**Work item**
Return the data verbatim, without pictures.

(Provided data)

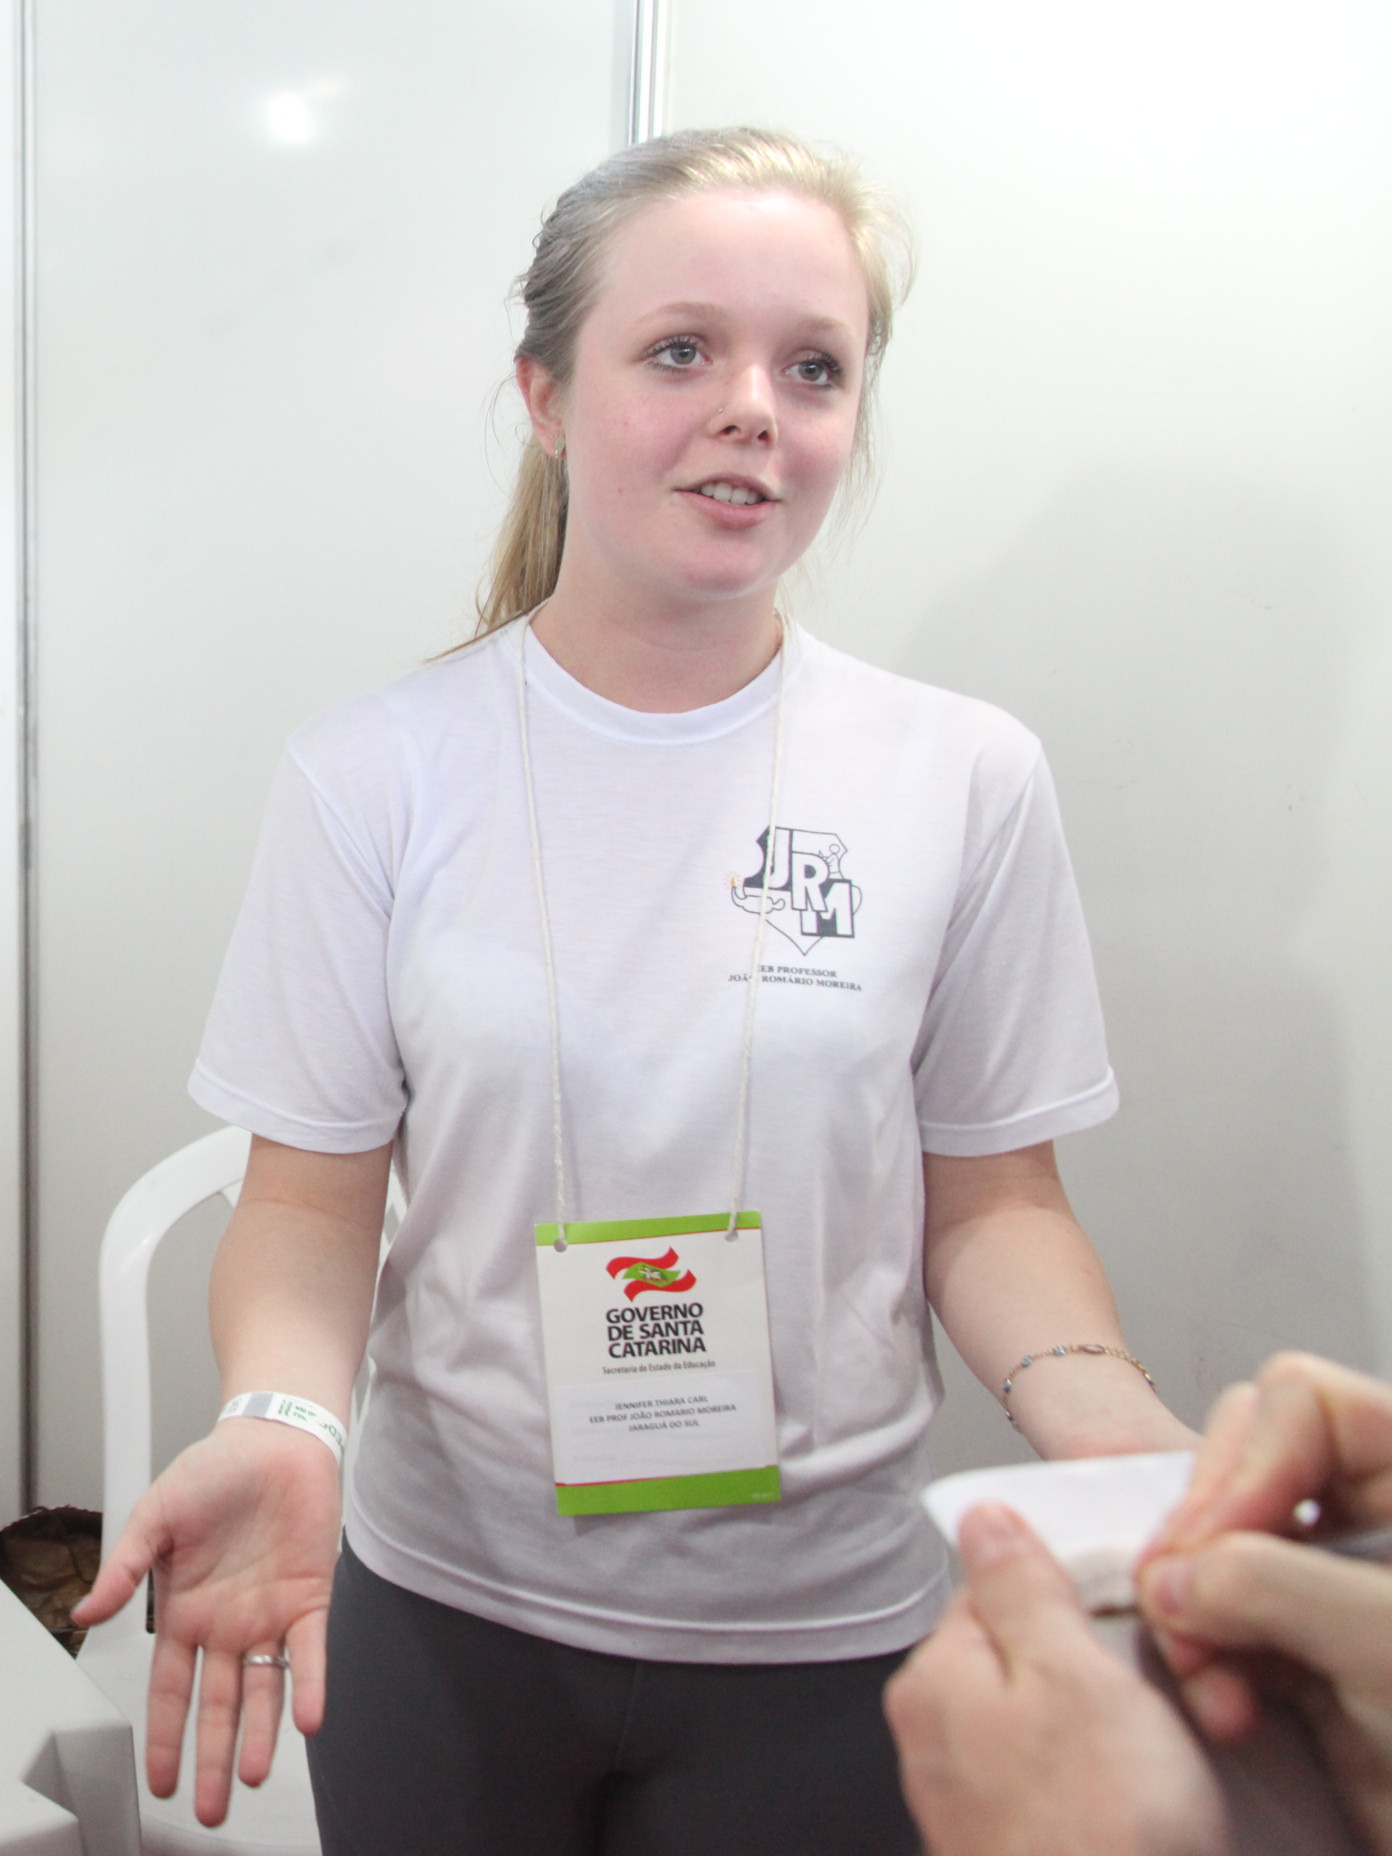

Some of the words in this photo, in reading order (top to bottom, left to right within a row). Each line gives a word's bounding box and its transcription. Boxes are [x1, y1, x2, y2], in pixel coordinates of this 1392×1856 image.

[777, 965, 837, 978] PROFESSOR
[728, 973, 753, 982] JOÃ
[761, 975, 814, 986] ROMÁRIO
[815, 979, 862, 992] MOREIRA
[606, 1302, 704, 1324] GOVERNO
[608, 1325, 634, 1341] DE
[639, 1319, 704, 1340] SANTA
[608, 1337, 707, 1358] CATARINA
[602, 1364, 638, 1375] Secretaria
[639, 1363, 647, 1373] de
[648, 1362, 672, 1372] Estado
[673, 1361, 682, 1370] da
[683, 1358, 716, 1370] Educação
[606, 1412, 628, 1422] PROF
[629, 1409, 652, 1421] JOÃO
[696, 1402, 736, 1415] MOREIRA
[615, 1400, 654, 1411] JENNIFER
[655, 1397, 686, 1408] THIARA
[687, 1394, 709, 1404] CARL
[669, 1419, 683, 1429] DO
[684, 1417, 700, 1427] SUL

(End Provided data)

**Solution**
Some of the words in this photo, in reading order (top to bottom, left to right within a row). Each line gives a word's bounding box and its transcription. Boxes are [x1, y1, x2, y2], in pixel coordinates of this 1392×1856 image.

[777, 965, 837, 978] PROFESSOR
[728, 973, 753, 982] JOÃ
[761, 975, 814, 986] ROMÁRIO
[815, 979, 862, 992] MOREIRA
[606, 1302, 704, 1324] GOVERNO
[608, 1325, 634, 1341] DE
[639, 1319, 704, 1340] SANTA
[608, 1337, 707, 1358] CATARINA
[602, 1364, 638, 1375] Secretaria
[639, 1363, 647, 1373] de
[648, 1362, 672, 1372] Estado
[673, 1361, 682, 1370] da
[683, 1358, 716, 1370] Educação
[606, 1412, 628, 1422] PROF
[629, 1409, 652, 1421] JOÃO
[696, 1402, 736, 1415] MOREIRA
[615, 1400, 654, 1411] JENNIFER
[655, 1397, 686, 1408] THIARA
[687, 1394, 709, 1404] CARL
[669, 1419, 683, 1429] DO
[684, 1417, 700, 1427] SUL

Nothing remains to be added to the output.